«Me ayudaron a subir y ese es el problema». Con esas palabras resume a la perfección una joven con discapacidad la realidad que viven las personas con diversidad funcional o movilidad reducida en el transporte público ante la falta de accesibilidad.
Para impulsar definitivamente la independencia y la autonomía de las personas con discapacidad, es indispensable apostar por medidas y herramientas que permitan actuar con seguridad en cualquier entorno. «La accesibilidad deja de ser teoría cuando la necesitas de verdad», valora esta psicóloga de profesión en redes sociales (@gir.an.soles).
En su caso concreto, viviendo con diversidad funcional desde el momento de su nacimiento, ha denunciado la falta de accesibilidad a la hora de coger un tren y las escasas medidas que existen en las estaciones de este medio de transporte. Es una realidad que supone una gran barrera y una limitación para quien tiene una discapacidad o viaja en silla de ruedas.
Falta de accesibilidad para coger un tren
A pesar de ser un gesto cotidiano para muchas personas, lo cierto es que no siempre es tan sencillo como aparenta. El tren es un medio de transporte ideal para viajar, pero que, en ocasiones, no cumple con los parámetros de accesibilidad necesarios para los pasajeros con discapacidad.
De esta manera lo refleja una joven psicóloga «sensible e intensa» que convive con la discapacidad y que ha evidenciado los problemas y las barreras a las que se enfrenta el colectivo de la movilidad reducida en este tipo de circunstancias, tanto en el propio tren como en las estaciones.
«La accesibilidad no es una palabra bonita en un cartel, es lo que pasa cuando intentas moverte de verdad», estima. De acuerdo con su testimonio, expone que «hubo manos que me ayudaron a subir y a bajar, y eso dice mucho. Pero no lo dice todo».
Paradójicamente, cree que ahí es donde reside el problema: tener que ser ayudada.

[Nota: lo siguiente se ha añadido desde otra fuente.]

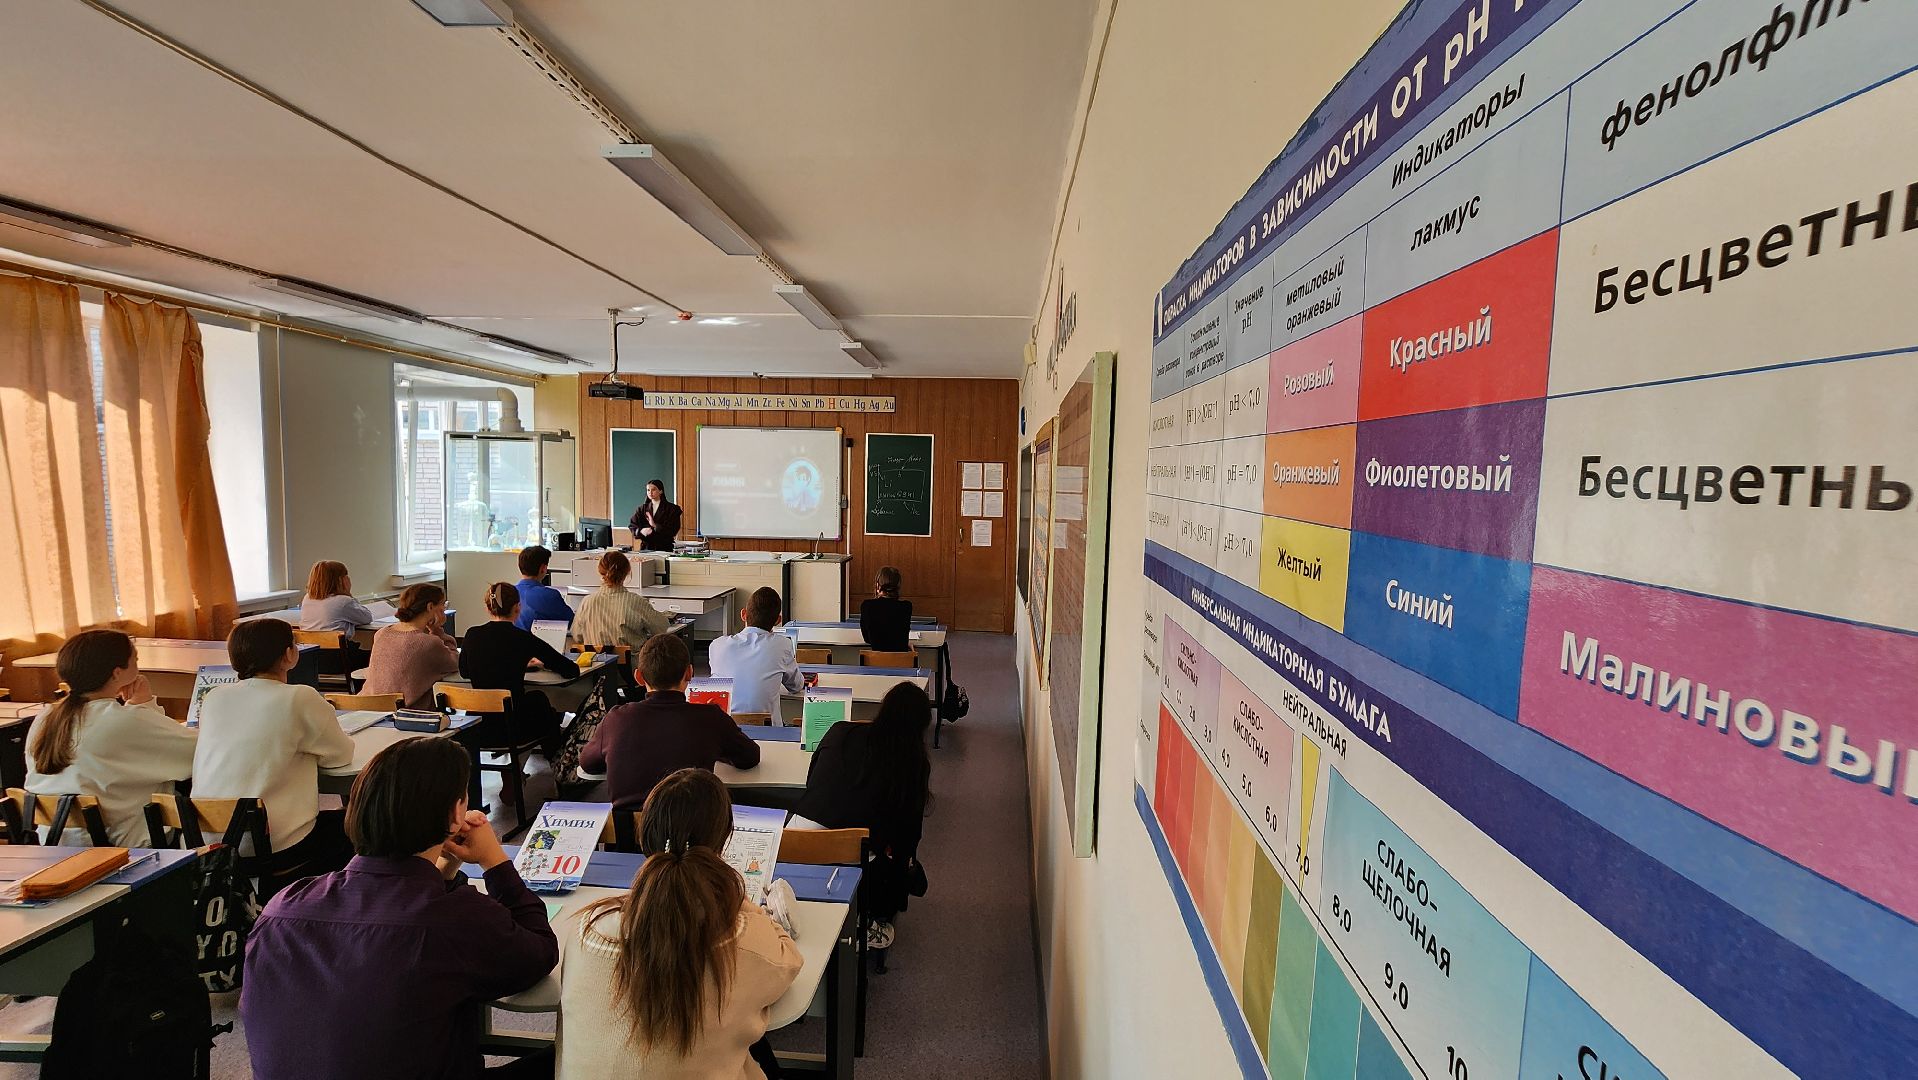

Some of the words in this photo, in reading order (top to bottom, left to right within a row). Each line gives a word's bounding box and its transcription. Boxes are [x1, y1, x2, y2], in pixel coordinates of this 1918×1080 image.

La accesibilidad, precisamente, es una cualidad que debe fomentar la seguridad y la autonomía de personas con discapacidad; sin embargo, la realidad es bien distinta: «Hay barreras que no siempre se ven, pero se sienten en cada paso».
A pesar de su juventud pero debido a la discapacidad, viaja acompañada de su andador, que le permite caminar por sí misma, pero también le limita en aquellos momentos en los que la adaptación no es completa a su discapacidad, como ha ocurrido en esta ocasión: «El tren tenía escalones y me tuvieron que ayudar a subir». Lo mismo ocurrió a la hora de apearse del vagón.
Barreras para personas con discapacidad
Ascensores fuera de servicio o empinadas escaleras con un amplio número de escalones por subir son algunas de las señales que ha identificado esta joven psicóloga como principales barreras para personas con discapacidad en las estaciones de tren de Castellón en las que ha ‘estudiado’ su accesibilidad.
Ante esta delicada tesitura, lamenta que «la solución no puede ser depender de la suerte, llegar tarde o buscar otra estación», alegando que se necesita apostar verdaderamente y de forma efectiva por la accesibilidad en favor de los pasajeros con discapacidad.
Ante este tipo de situaciones, alza la voz para exigir que «si algo falla, tienen que existir alternativas reales» y contrastar «que en un tren entero solo haya una puerta accesible no es inclusión». Para ella, y así lo refleja mediante redes sociales, «la accesibilidad no debería depender del ‘a ver cómo lo solucionamos‘».